Here is a simple python script for demonstration:

from collections import defaultdict

class DisjointSets(object):
    def __init__(self):
        self.item_map = defaultdict(DisjointNode)

    def add(self,item):
        """Add item to the forest."""
        # It's gets initialized to a new node when
        # trying to access a non-existant item.
        return self.item_map[item]

    def __contains__(self,item):
        return (item in self.item_map)

    def __getitem__(self,item):
        if item not in self:
            raise KeyError
        return self.item_map[item]

    def __delitem__(self,item):
        del self.item_map[item]

    def __iter__(self):
        # sort all items into real sets
        all_sets = defaultdict(set)
        for item,node in self.item_map.iteritems():
            all_sets[node.find_set()].add(item)
        return all_sets.itervalues()

class DisjointNode(object):
    def __init__(self,parent=None,rank=0):
        if parent is None:
            self.parent = self
        else:
            self.parent = parent
        self.rank = rank

    def union(self,other):
        """Join two sets."""
        node1 = self.find_set()
        node2 = other.find_set()
        # union by rank
        if node1.rank > node2.rank:
            node2.parent = node1
        else:
            node1.parent = node2
            if node1.rank == node2.rank:
                node2.rank += 1
        return node1

    def find_set(self):
        """Finds the root node of this set."""
        node = self
        while node is not node.parent:
            node = node.parent
        # path compression
        root, node = node, self
        while node is not node.parent:
            node, node.parent = node.parent, root
        return root

def find_clusters(grid):
    disj = DisjointSets()
    for y,row in enumerate(grid):
        for x,cell in enumerate(row):
            if cell:
                node = disj.add((x,y))
                for dx,dy in ((-1,0),(-1,-1),(0,-1),(1,-1)):
                    if (x+dx,y+dy) in disj:
                        node.union(disj[x+dx,y+dy])
    for index,set_ in enumerate(disj):
        sum_x, sum_y, count = 0, 0, 0
        for x,y in set_:
            sum_x += x
            sum_y += y
            count += 1
        yield 1.0 * sum_x / count, 1.0 * sum_y / count

def main():
    grid = [[('.' != cell) for cell in row if not cell.isspace()] for row in (
        ". X X . . . . . .",
        ". X X X . . X . .",
        ". . . . . X X X .",
        ". . . . . . X . .",
        ". X X . . . . . .",
        ". X . . . . . . .",
        ". X . . . . . . .",
        ". . . . X X . . .",
        ". . . . X X . . .",
    )]
    coordinates = list(find_clusters(grid))
    centers = dict(((round(x),round(y)),i) for i,(x,y) in enumerate(coordinates))
    for y,row in enumerate(grid):
        for x,cell in enumerate(row):
            if (x,y) in centers:
                print centers[x,y]+1,
            elif cell:
                print 'X',
            else:
                print '.',
        print
    print
    print '%4s | %7s %7s' % ('i','x','y')
    print '-'*22
    for i,(x,y) in enumerate(coordinates):
        print '%4d | %7.4f %7.4f' % (i+1,x,y)
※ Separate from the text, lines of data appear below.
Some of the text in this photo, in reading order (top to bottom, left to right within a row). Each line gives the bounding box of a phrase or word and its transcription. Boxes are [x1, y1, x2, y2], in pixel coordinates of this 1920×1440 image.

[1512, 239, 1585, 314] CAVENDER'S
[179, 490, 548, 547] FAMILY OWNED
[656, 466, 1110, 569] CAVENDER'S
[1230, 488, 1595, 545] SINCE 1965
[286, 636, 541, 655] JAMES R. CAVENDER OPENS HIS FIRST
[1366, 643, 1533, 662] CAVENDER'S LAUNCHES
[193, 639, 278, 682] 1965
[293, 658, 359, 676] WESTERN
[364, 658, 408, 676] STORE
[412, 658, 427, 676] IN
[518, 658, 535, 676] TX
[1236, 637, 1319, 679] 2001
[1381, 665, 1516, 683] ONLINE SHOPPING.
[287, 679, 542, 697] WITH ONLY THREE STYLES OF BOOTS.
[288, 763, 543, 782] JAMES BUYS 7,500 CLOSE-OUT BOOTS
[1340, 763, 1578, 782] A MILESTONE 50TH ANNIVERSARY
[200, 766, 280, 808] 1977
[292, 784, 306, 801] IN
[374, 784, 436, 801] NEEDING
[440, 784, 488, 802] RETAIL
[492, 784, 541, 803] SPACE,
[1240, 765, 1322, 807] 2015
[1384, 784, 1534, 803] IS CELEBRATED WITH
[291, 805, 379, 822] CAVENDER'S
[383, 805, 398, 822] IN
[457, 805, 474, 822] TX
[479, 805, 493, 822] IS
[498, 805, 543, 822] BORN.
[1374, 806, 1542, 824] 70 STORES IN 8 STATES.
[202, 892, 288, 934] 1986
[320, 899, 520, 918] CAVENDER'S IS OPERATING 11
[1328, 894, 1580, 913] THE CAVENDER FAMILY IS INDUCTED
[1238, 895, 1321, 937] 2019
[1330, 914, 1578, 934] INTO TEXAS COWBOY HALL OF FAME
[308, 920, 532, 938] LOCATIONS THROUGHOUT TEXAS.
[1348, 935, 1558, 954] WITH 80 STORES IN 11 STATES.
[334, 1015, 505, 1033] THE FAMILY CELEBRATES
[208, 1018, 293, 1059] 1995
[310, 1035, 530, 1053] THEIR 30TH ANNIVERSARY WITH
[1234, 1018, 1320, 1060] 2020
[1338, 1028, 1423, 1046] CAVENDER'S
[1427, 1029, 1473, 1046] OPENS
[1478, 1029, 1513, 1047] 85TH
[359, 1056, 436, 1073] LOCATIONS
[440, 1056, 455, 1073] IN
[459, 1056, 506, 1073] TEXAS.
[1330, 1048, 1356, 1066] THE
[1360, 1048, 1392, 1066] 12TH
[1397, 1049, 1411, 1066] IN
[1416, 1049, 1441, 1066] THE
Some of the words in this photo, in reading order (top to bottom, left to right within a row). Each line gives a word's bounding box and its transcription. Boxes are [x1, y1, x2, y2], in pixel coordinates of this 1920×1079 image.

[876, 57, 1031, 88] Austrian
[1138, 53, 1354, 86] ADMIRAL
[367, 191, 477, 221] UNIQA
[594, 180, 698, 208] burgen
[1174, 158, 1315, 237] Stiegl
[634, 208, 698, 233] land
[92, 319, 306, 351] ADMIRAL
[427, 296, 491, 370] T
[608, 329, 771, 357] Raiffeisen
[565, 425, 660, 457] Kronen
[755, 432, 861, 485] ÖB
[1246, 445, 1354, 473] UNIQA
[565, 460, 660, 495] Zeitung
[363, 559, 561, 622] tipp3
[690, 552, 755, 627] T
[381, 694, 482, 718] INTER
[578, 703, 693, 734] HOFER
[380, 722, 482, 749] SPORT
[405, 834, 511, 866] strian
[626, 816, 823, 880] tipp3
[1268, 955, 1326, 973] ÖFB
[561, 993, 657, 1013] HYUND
if __name__ == '__main__':
    main()

Output:

. X X . . . . . .
. X 3 X . . X . .
. . . . . X 4 X .
. . . . . . X . .
. X X . . . . . .
. 2 . . . . . . .
. X . . . . . . .
. . . . X X . . .
. . . . X 1 . . .

   i |       x       y
----------------------
   1 |  4.5000  7.5000
   2 |  1.2500  4.7500
   3 |  1.8000  0.6000
   4 |  6.0000  2.0000

The point of this was to demonstrate disjoint sets. The actual algorithm in find_clusters() could be upgraded to something more robust.

References

  • Introduction to algorithms. 2nd ed. Cormen et.al.